WORK TO COMPLETE → Transcribe the listing verbatim, please, with images dropped.

RECORDS PROVIDED →
-- Opening Marker --

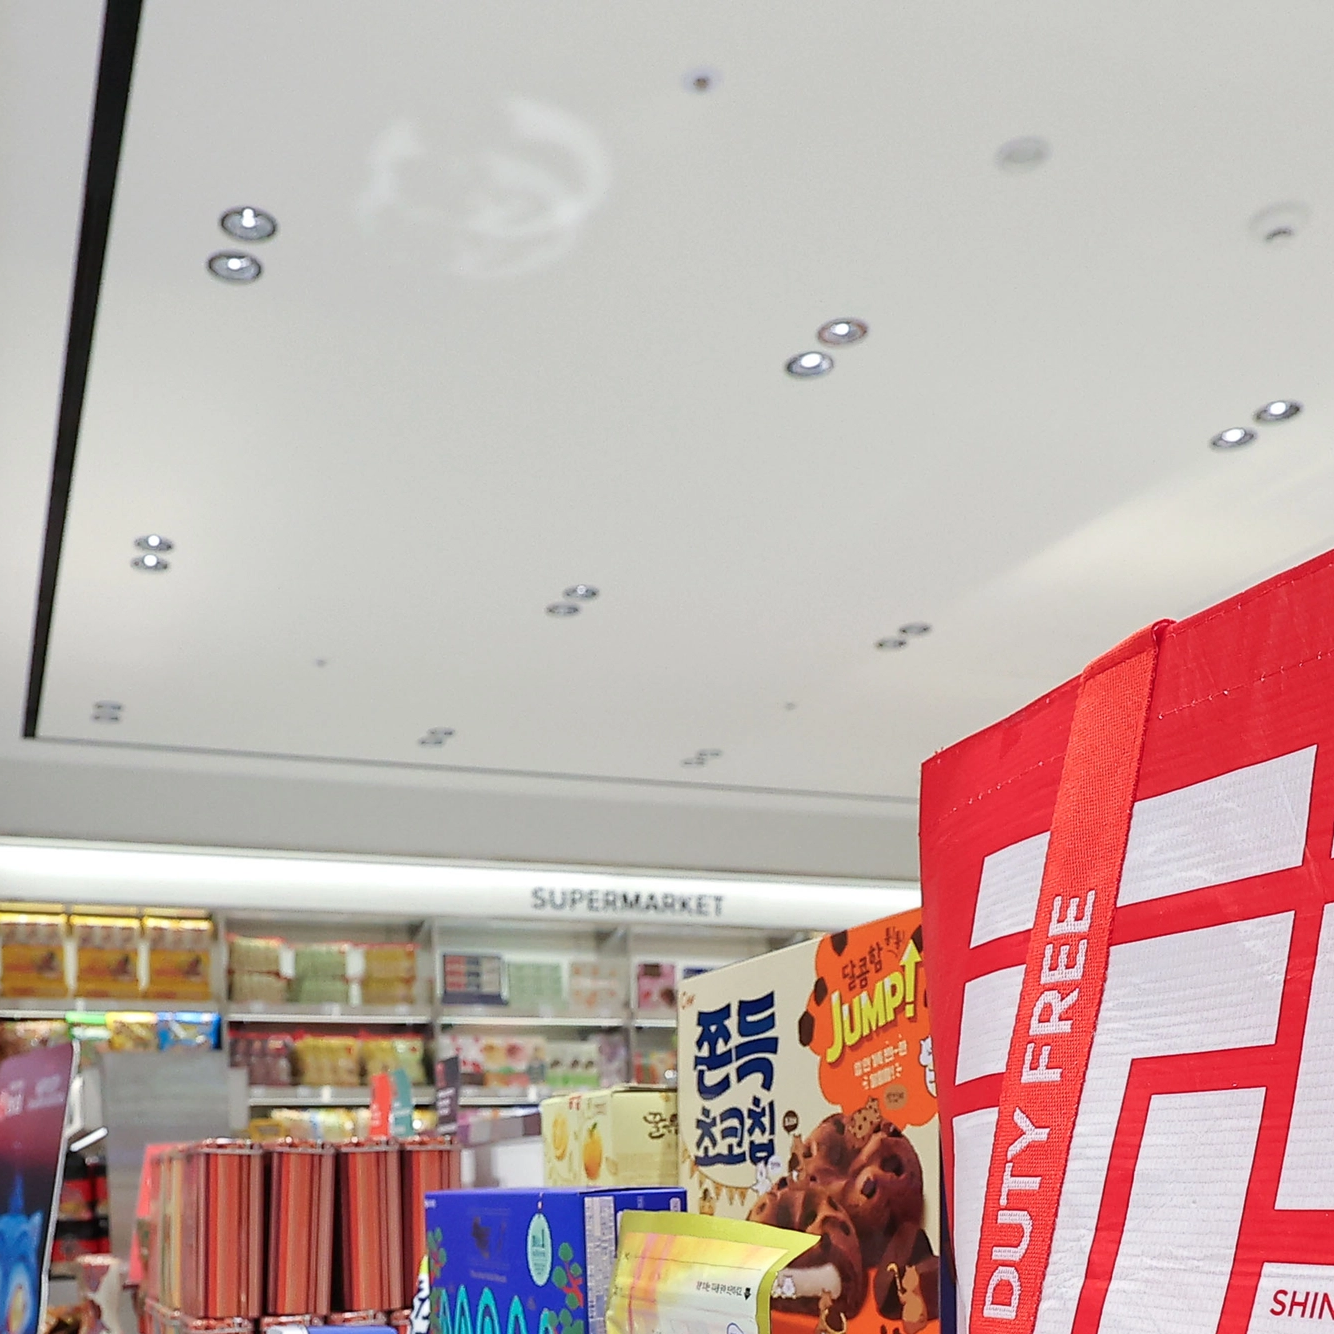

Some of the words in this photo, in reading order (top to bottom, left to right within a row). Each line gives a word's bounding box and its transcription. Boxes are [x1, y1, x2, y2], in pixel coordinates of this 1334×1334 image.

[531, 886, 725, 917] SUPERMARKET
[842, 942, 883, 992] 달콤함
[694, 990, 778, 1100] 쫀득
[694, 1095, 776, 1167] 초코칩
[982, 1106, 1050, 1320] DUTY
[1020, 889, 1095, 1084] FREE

-- Closing Marker --

THE COMPLETED TASK →
Some of the words in this photo, in reading order (top to bottom, left to right within a row). Each line gives a word's bounding box and its transcription. Boxes are [x1, y1, x2, y2], in pixel coordinates of this 1334×1334 image.

[531, 886, 725, 917] SUPERMARKET
[842, 942, 883, 992] 달콤함
[694, 990, 778, 1100] 쫀득
[694, 1095, 776, 1167] 초코칩
[982, 1106, 1050, 1320] DUTY
[1020, 889, 1095, 1084] FREE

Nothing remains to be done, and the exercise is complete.